- [SOURCE DATA]
+===+

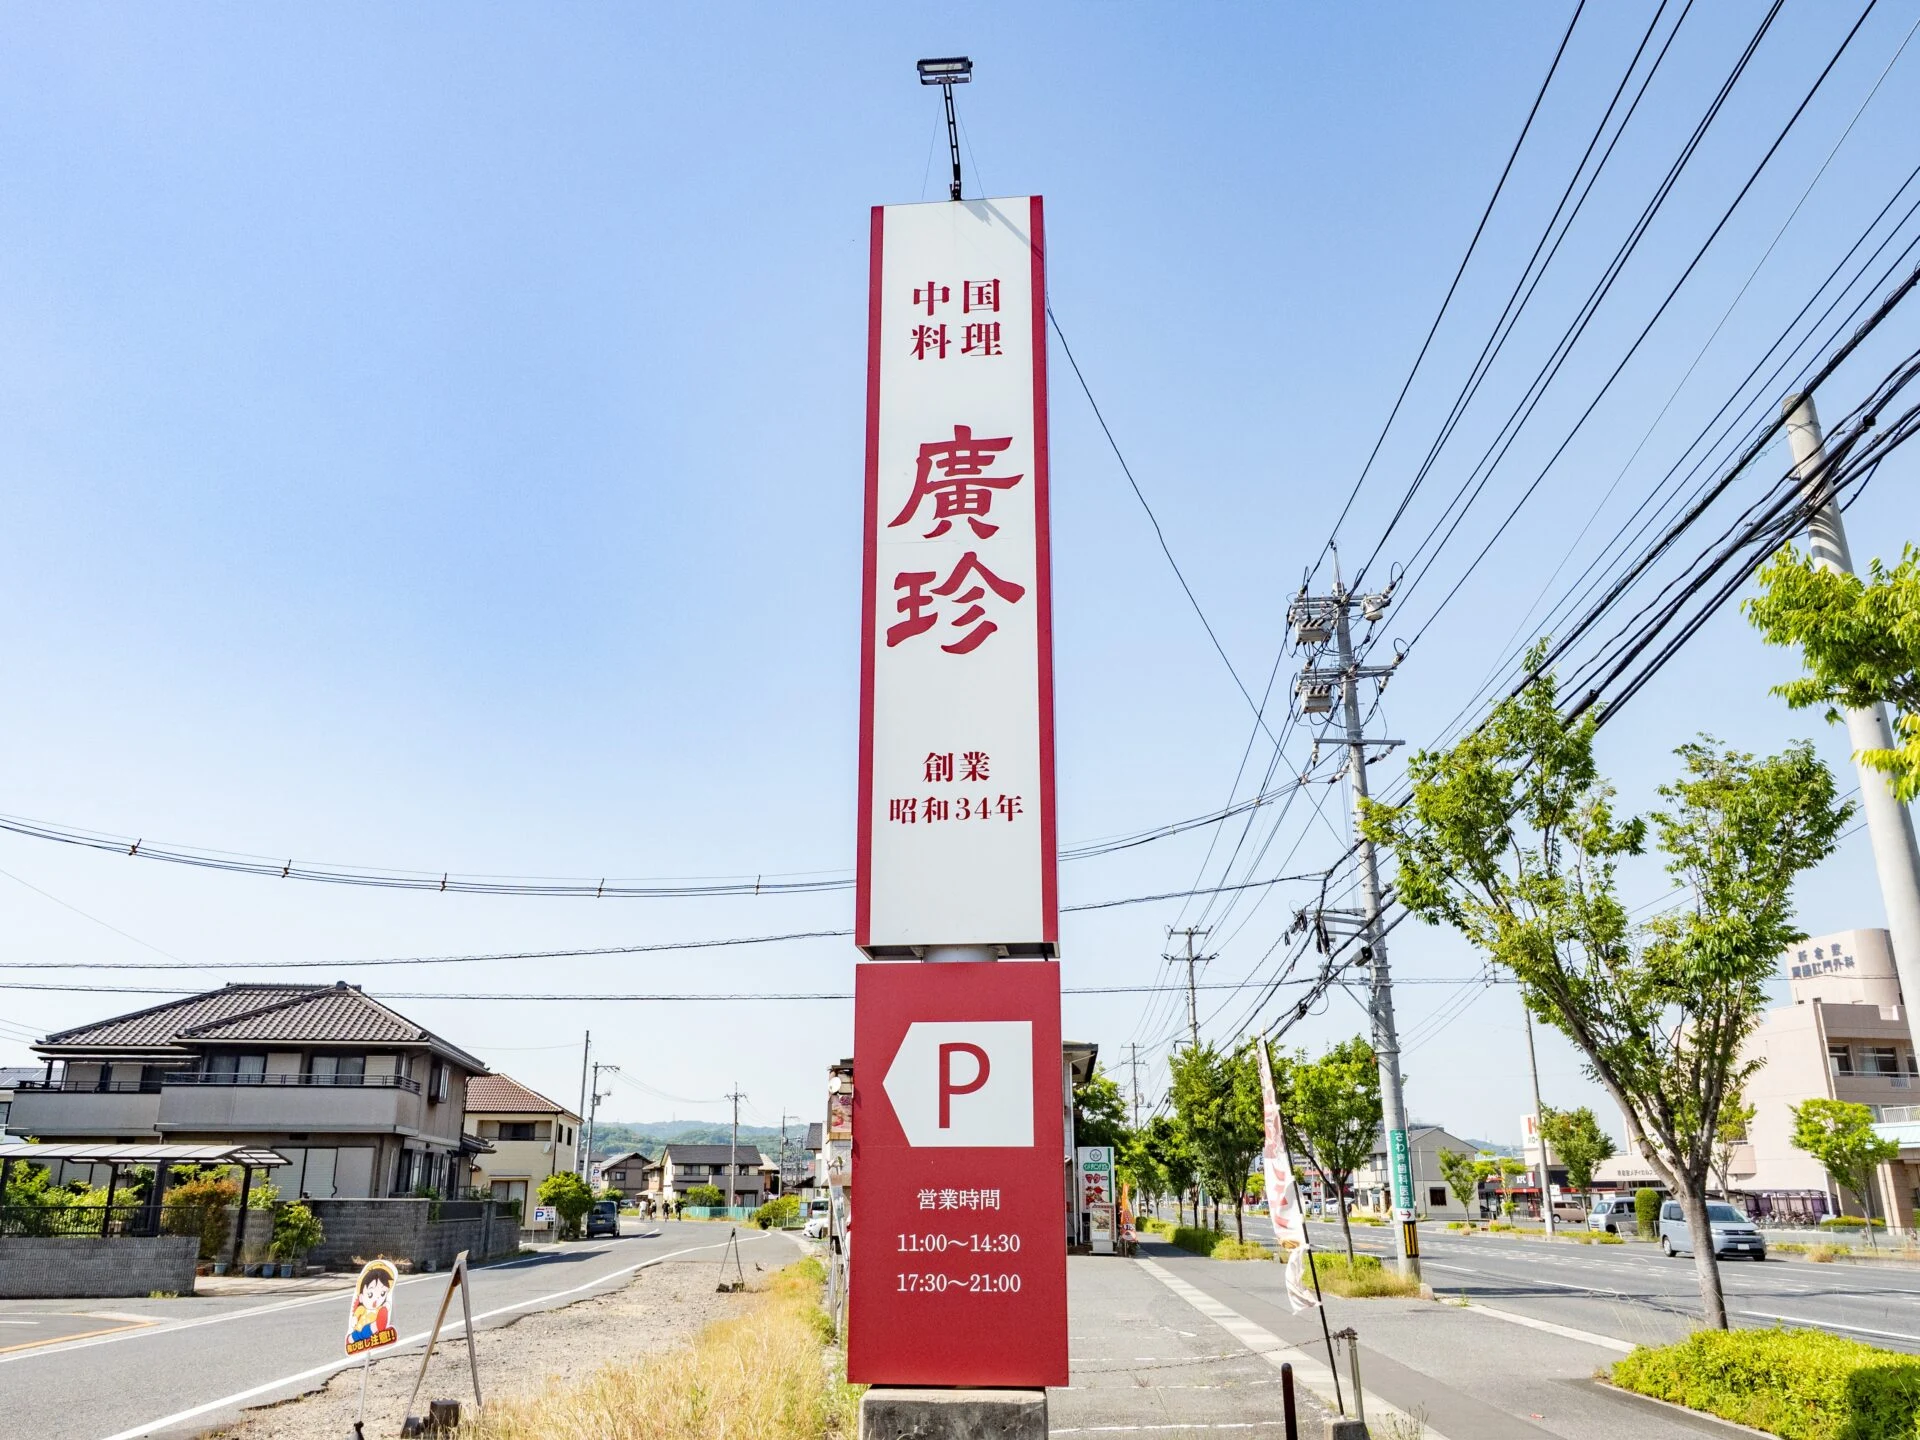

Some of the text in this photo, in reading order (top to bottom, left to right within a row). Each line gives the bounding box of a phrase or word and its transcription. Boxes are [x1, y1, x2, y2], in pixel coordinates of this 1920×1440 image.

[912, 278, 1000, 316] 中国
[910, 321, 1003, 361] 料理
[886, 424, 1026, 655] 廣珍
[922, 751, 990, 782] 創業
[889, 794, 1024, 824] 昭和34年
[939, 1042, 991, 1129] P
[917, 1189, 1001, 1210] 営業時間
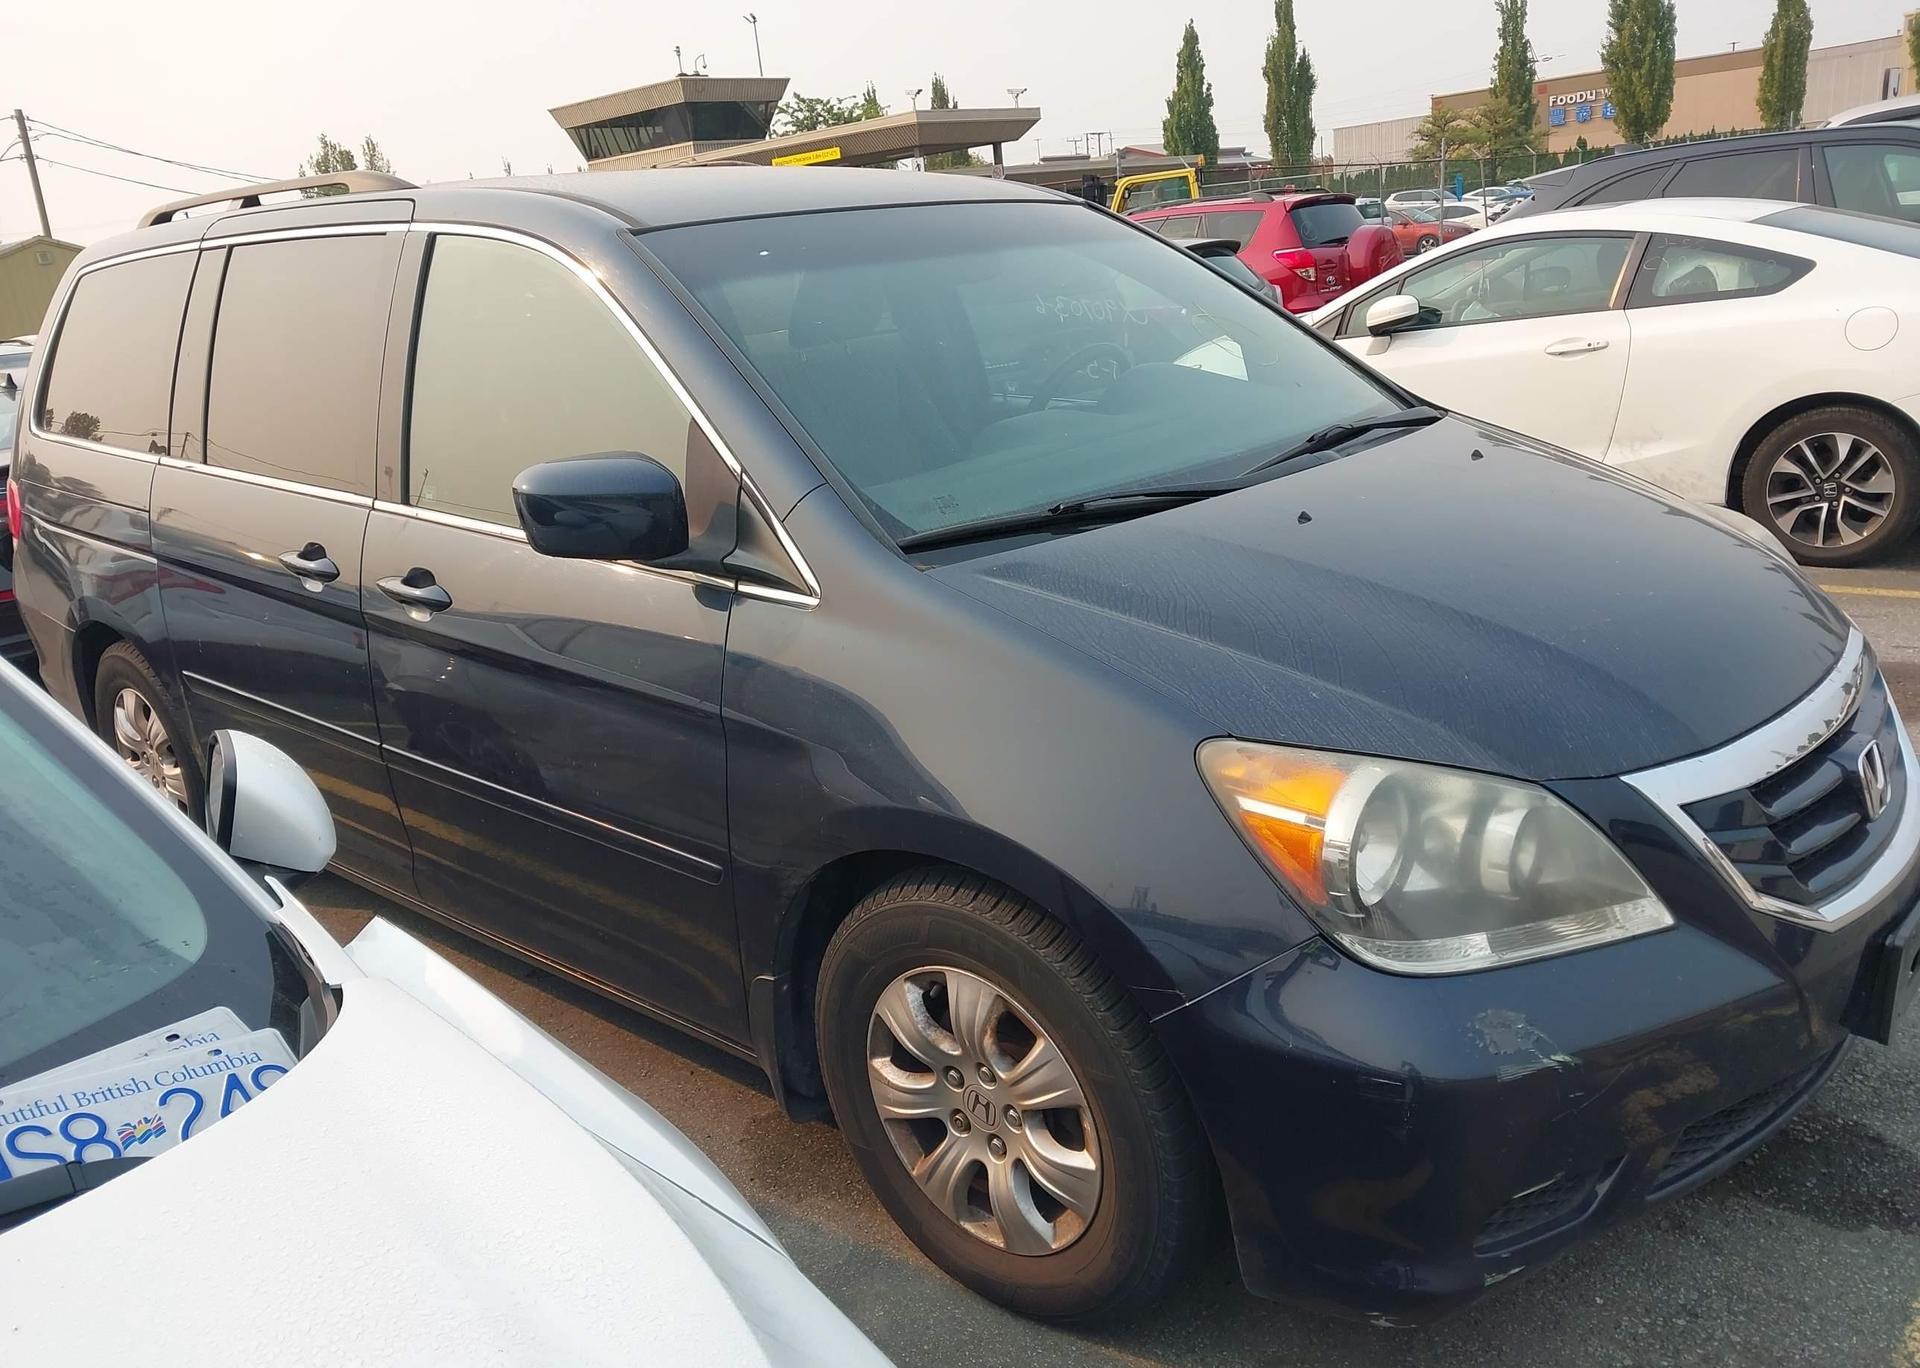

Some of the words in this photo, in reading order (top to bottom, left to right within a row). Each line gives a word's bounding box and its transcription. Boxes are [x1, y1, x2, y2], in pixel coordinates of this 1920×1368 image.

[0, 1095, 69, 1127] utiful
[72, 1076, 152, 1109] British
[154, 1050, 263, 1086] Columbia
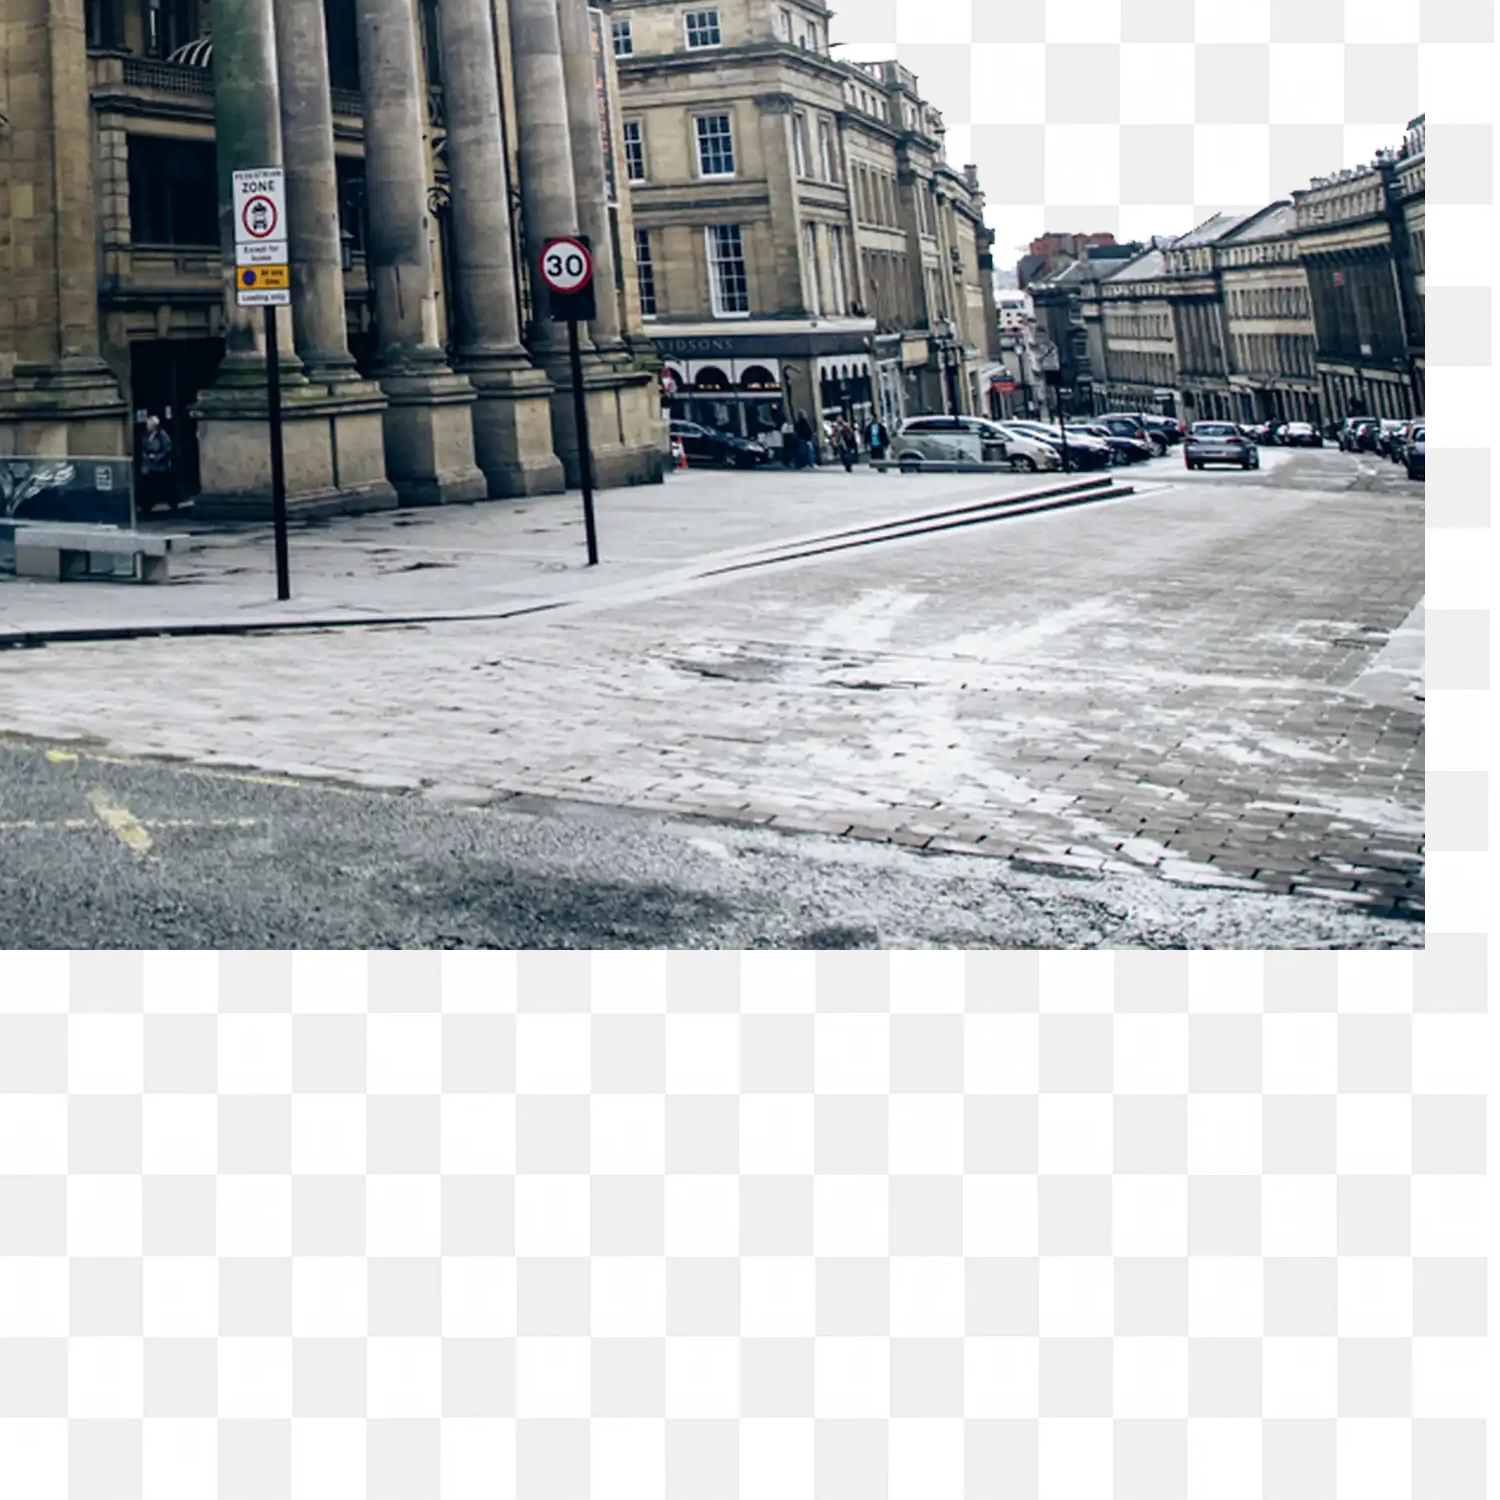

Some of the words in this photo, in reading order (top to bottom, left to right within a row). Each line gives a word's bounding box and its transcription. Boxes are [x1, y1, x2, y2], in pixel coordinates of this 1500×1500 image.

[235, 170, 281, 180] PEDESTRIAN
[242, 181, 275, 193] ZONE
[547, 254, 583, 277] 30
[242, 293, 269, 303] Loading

+===+

- [EXERCISE REQUIREMENTS]
None of the pictures should be reproduced; all other material above must be set down exactly.

- [SOLUTION BELOW]
Some of the text in this photo, in reading order (top to bottom, left to right within a row). Each line gives the bounding box of a phrase or word and its transcription. Boxes are [x1, y1, x2, y2], in pixel coordinates of this 1920×1440 image.

[912, 278, 1000, 316] 中国
[910, 321, 1003, 361] 料理
[886, 424, 1026, 655] 廣珍
[922, 751, 990, 782] 創業
[889, 794, 1024, 824] 昭和34年
[939, 1042, 991, 1129] P
[917, 1189, 1001, 1210] 営業時間

Some of the words in this photo, in reading order (top to bottom, left to right within a row). Each line gives a word's bounding box and its transcription. Boxes are [x1, y1, x2, y2], in pixel coordinates of this 1920×1368 image.

[0, 1095, 69, 1127] utiful
[72, 1076, 152, 1109] British
[154, 1050, 263, 1086] Columbia

Some of the words in this photo, in reading order (top to bottom, left to right within a row). Each line gives a word's bounding box and its transcription. Boxes are [x1, y1, x2, y2], in pixel coordinates of this 1500×1500 image.

[235, 170, 281, 180] PEDESTRIAN
[242, 181, 275, 193] ZONE
[547, 254, 583, 277] 30
[242, 293, 269, 303] Loading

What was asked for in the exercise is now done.